I am setting up a little game for fun as an opportunity to learn some of Unity’s newer technologies. At first I was going to use AssetBundles, but then found that they are being replaced by the Addressable’s system so I started looking into it. However, I’m having a hard time migrating what I was doing to this system.
What I had going on was a setup where I put each “World” as it’s own AssetBundle and grouped the levels within.
Long term goal with this would be some sort of system that allows for users to create their own levels and add them to the project (maybe through steam workshop or something, right now this is very much a hobby project)

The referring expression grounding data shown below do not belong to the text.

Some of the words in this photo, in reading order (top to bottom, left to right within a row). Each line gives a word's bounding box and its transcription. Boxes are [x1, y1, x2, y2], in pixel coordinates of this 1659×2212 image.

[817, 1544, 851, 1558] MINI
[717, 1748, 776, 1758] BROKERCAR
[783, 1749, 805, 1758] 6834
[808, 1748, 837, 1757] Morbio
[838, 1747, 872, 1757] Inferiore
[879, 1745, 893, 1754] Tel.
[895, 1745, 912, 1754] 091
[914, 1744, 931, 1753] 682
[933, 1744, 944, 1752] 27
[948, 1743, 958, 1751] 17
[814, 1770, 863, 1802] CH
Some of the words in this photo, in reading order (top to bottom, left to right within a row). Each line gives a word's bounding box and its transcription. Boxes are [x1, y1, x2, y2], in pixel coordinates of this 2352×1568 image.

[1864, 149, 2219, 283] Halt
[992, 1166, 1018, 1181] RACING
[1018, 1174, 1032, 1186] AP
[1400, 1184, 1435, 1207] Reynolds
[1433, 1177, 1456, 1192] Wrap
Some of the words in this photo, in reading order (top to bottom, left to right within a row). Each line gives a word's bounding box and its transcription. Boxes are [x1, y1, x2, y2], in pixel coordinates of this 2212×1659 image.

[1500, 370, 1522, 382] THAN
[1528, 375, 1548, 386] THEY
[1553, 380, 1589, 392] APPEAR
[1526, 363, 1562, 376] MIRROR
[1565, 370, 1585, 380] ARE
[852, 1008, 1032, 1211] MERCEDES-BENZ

Then at runtime I would load all of my asset bundles, roughly speaking, I had something akin to this:
using System.Collections.Generic;
using UnityEditor;
using UnityEngine;
public class SceneManager : MonoBehaviour
{
private List<string> blackList = new List<string> () { "NonLevelData" };
public Dictionary<string, List<string>> Levels = new Dictionary<string, List<string>> ();
private void Awake ()
{
string[] Bundles = AssetDatabase.GetAllAssetBundleNames ();
foreach(string bundleName in Bundles)
{
if (!blackList.Contains (bundleName))
{
string[] bundledLevels = AssetDatabase.GetAssetPathsFromAssetBundle (bundleName);
Levels[bundleName] = new List<string> (bundledLevels);
}
}
}
public void LoadData(GameObject root, string assetName, int levelNumber)
{
CleanupOldData (root);
GameObject data = AssetDatabase.LoadAssetAtPath<GameObject> (Levels[assetName][levelNumber]);
data.transform.SetParent (root.transform);
}
}
So when I was migrating to an addressable system, I thought: ok, so I can treat each world as it’s own Addressable Group, load the group and find what all of it’s keys are, and that can be used to populate my world/level select menu.
However, as far as I can see, that isn’t what groups are for. Is there any way for me to do something like what I’m doing? Trying to learn the right way to do this in a world with very barebones documentation.